Published February 14, 2026 | Version v1
Preprint Open

Processual Memory Architecture: A Transformation-Based Framework for Verifiable Computation and Safety-by-Construction AGI

Authors/Creators

  • 1. Luminareware LLC

Description

We present Processual Memory Architecture (PMA), a computational framework that unifies 
data storage and computation by representing all information as transformation functions rather 
than static state, rendering the traditional ontological distinction between them architecturally 
unnecessary.

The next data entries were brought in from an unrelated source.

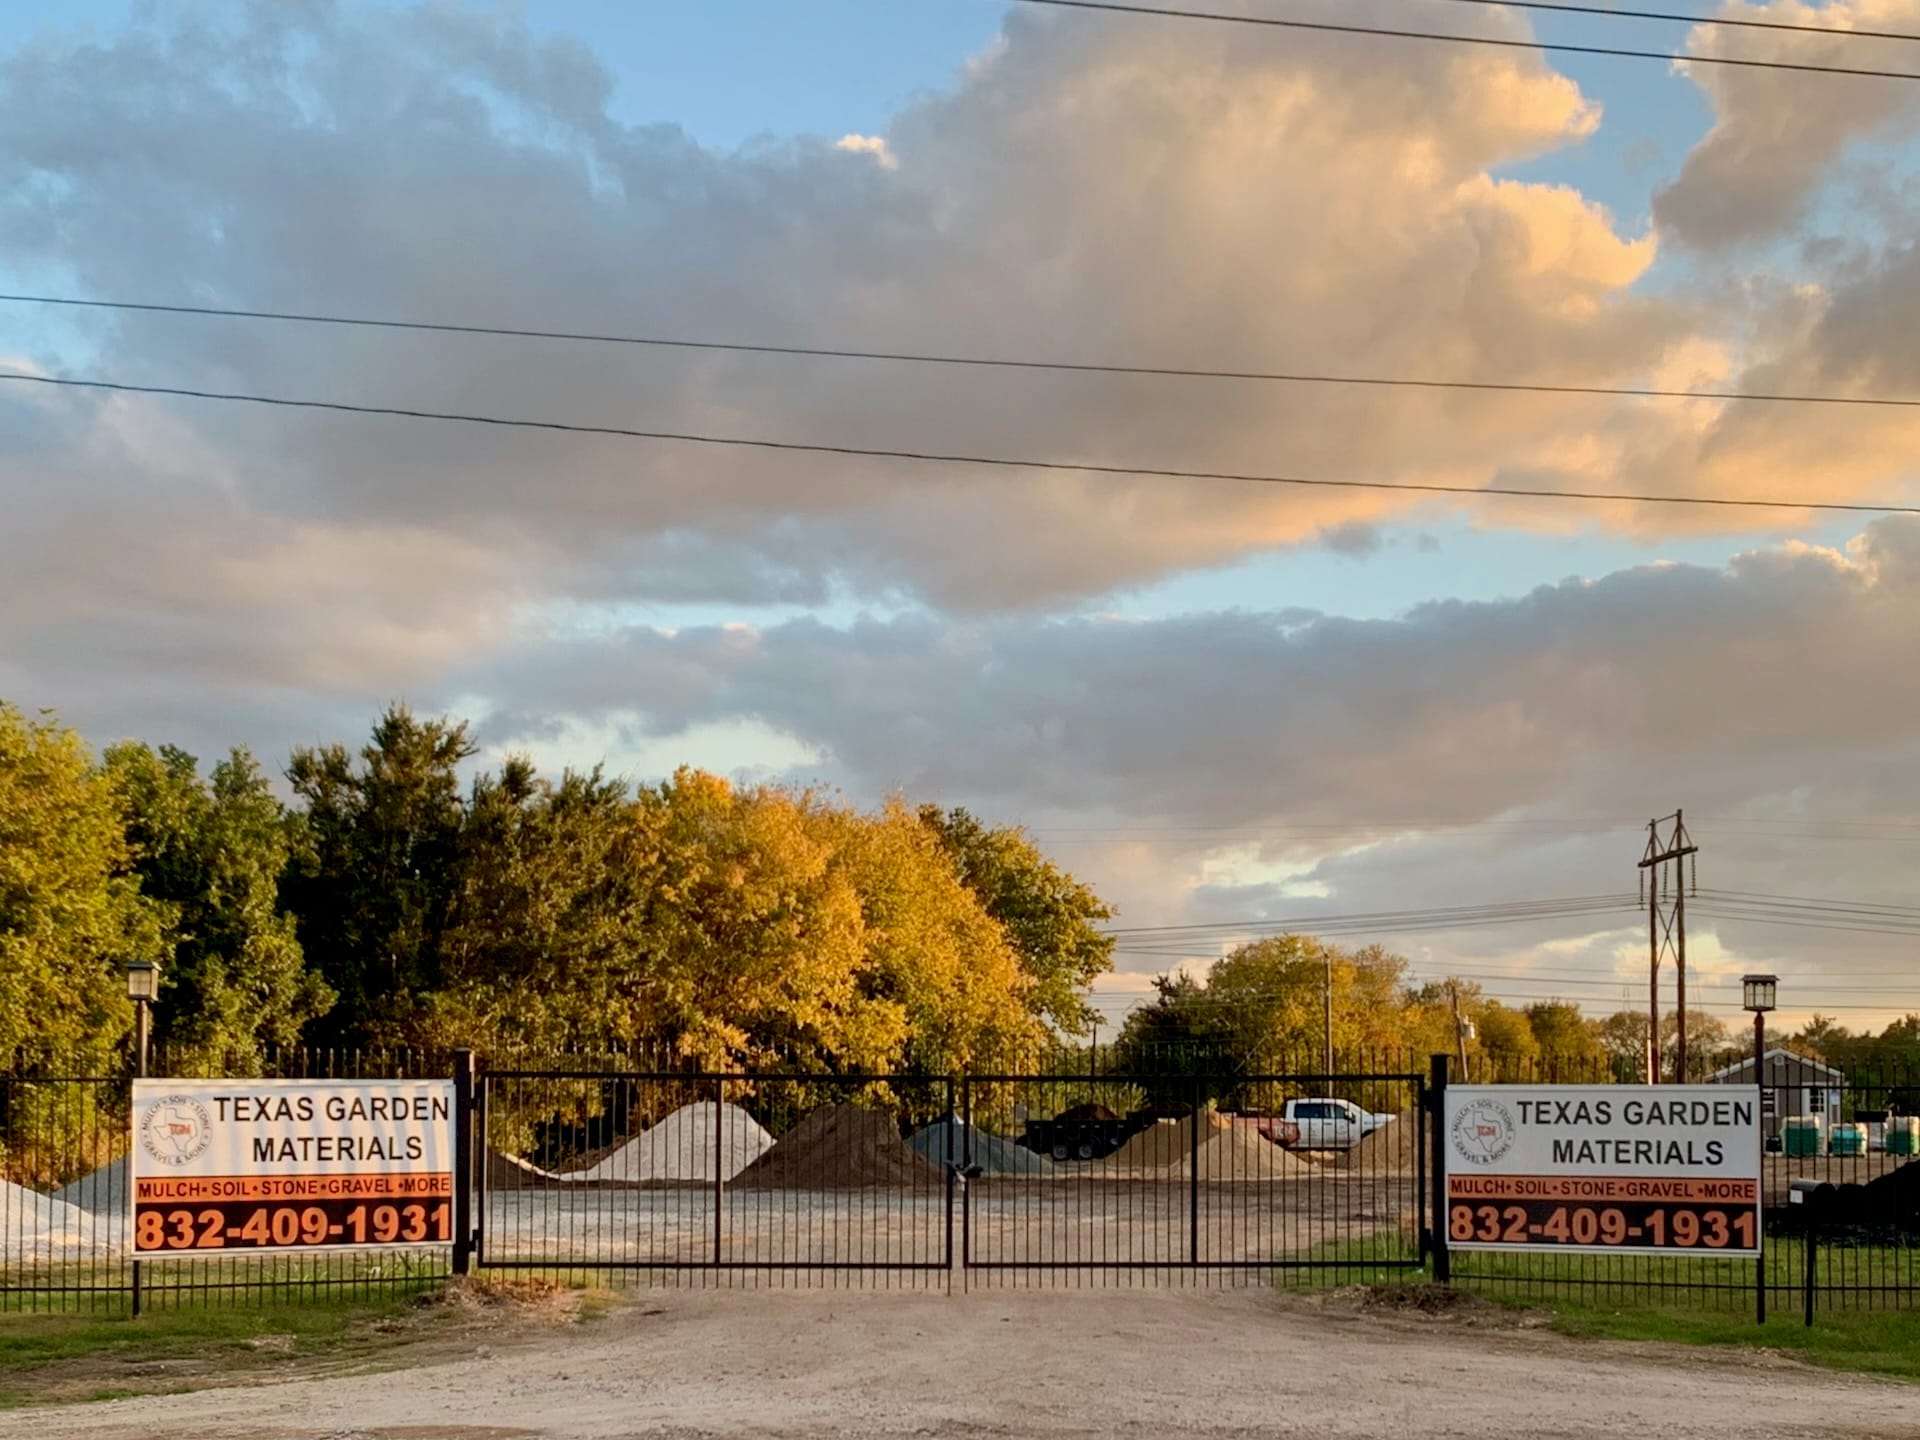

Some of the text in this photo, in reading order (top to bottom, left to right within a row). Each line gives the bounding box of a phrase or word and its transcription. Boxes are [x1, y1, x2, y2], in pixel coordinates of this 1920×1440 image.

[214, 1097, 448, 1121] TEXAS GARDEN
[1517, 1101, 1752, 1126] TEXAS GARDEN
[253, 1136, 422, 1162] MATERIALS
[1553, 1140, 1723, 1165] MATERIALS
[137, 1204, 449, 1250] 832-409-1931
[1450, 1205, 1754, 1248] 832-409-1931

In PMA, storing information means encoding it as a mathematical transformation 
that produces the data when applied to a standardized canonical input; reading means applying the 
transformation; and computing means composing transformations. This inversion of the 
conventional von Neumann paradigm yields five emergent architectural properties—structural 
auditability, transparent reasoning, enforced constraints, tamper evidence, and reversibility—that 
collectively enable verifiable computation: systems that can mathematically verify the integrity 
and correctness of their own reasoning chains. 
We provide a complete mathematical specification of PMA over Galois fields GF(2k) with round
trip exactness guarantees, constructive algorithms for both invertible and non-invertible encoding 
modes, and a reference permutation-based embodiment with explicit bit-level storage formats. We 
analyze thermodynamic properties under reversible logic implementation, demonstrating that 
PMA operations on adiabatic substrates can approach within 10× of the Landauer limit at the local
node level. We then present the integration architecture for PMA with artificial general intelligence 
(AGI) safety frameworks, showing how transformation-based reasoning enables safety constraints 
that are structural rather than advisory—creating systems where unsafe behavior is 
computationally undefined rather than merely prohibited. We discuss applications to financial 
auditing, medical AI verification, and autonomous systems governance, and compare PMA's 
approach to verifiable computation with existing paradigms including blockchain, zero-knowledge 
proofs, and mechanistic interpretability.